Send back the records exactly as written, with no images.

___ MATERIAL FOR THIS EXERCISE ___

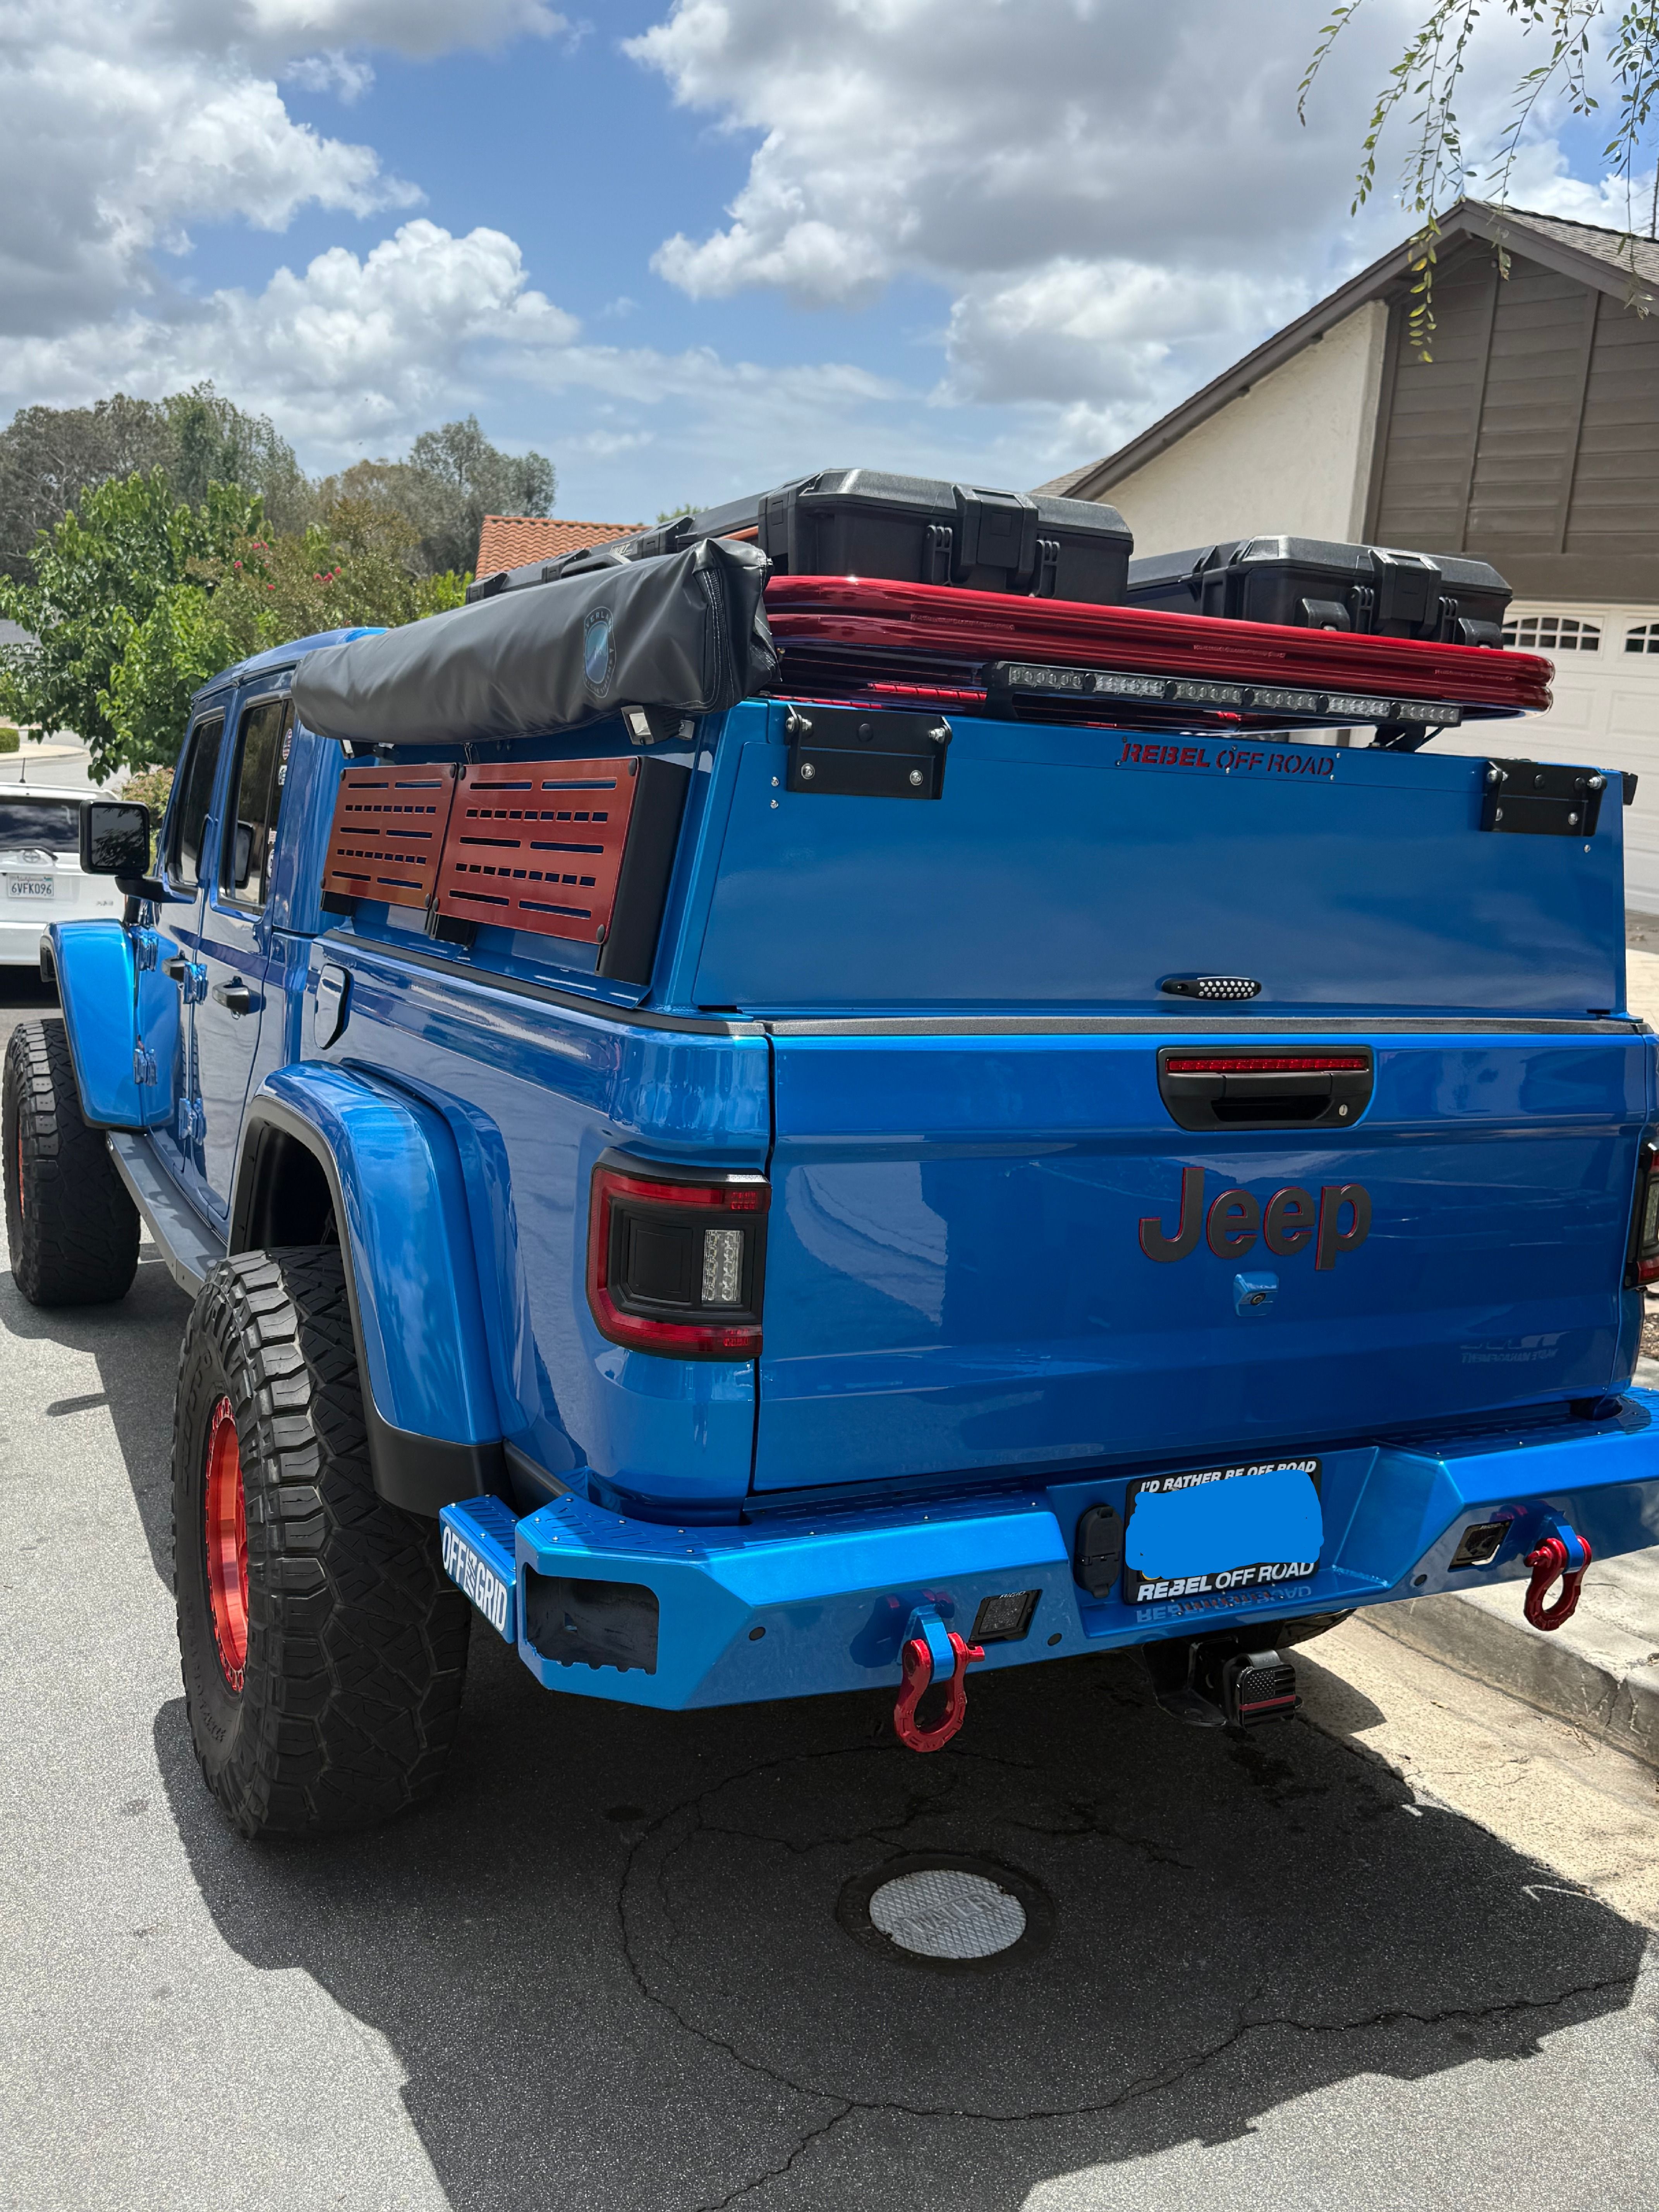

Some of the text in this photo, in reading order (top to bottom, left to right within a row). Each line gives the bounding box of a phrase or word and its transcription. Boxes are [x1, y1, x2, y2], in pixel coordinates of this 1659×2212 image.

[1121, 743, 1334, 776] REBEL OFF ROAD
[11, 883, 52, 895] 6VFK096
[1139, 1166, 1372, 1270] Jeep
[1140, 1480, 1159, 1493] I'D
[1163, 1472, 1221, 1491] RATHER
[442, 1526, 507, 1632] OFF GRID
[1137, 1576, 1212, 1602] REBEL
[1216, 1566, 1256, 1589] OFF
[1257, 1563, 1314, 1583] ROAD

___

*EXPECTED OUTPUT:*
Some of the text in this photo, in reading order (top to bottom, left to right within a row). Each line gives the bounding box of a phrase or word and its transcription. Boxes are [x1, y1, x2, y2], in pixel coordinates of this 1659×2212 image.

[1121, 743, 1334, 776] REBEL OFF ROAD
[11, 883, 52, 895] 6VFK096
[1139, 1166, 1372, 1270] Jeep
[1140, 1480, 1159, 1493] I'D
[1163, 1472, 1221, 1491] RATHER
[442, 1526, 507, 1632] OFF GRID
[1137, 1576, 1212, 1602] REBEL
[1216, 1566, 1256, 1589] OFF
[1257, 1563, 1314, 1583] ROAD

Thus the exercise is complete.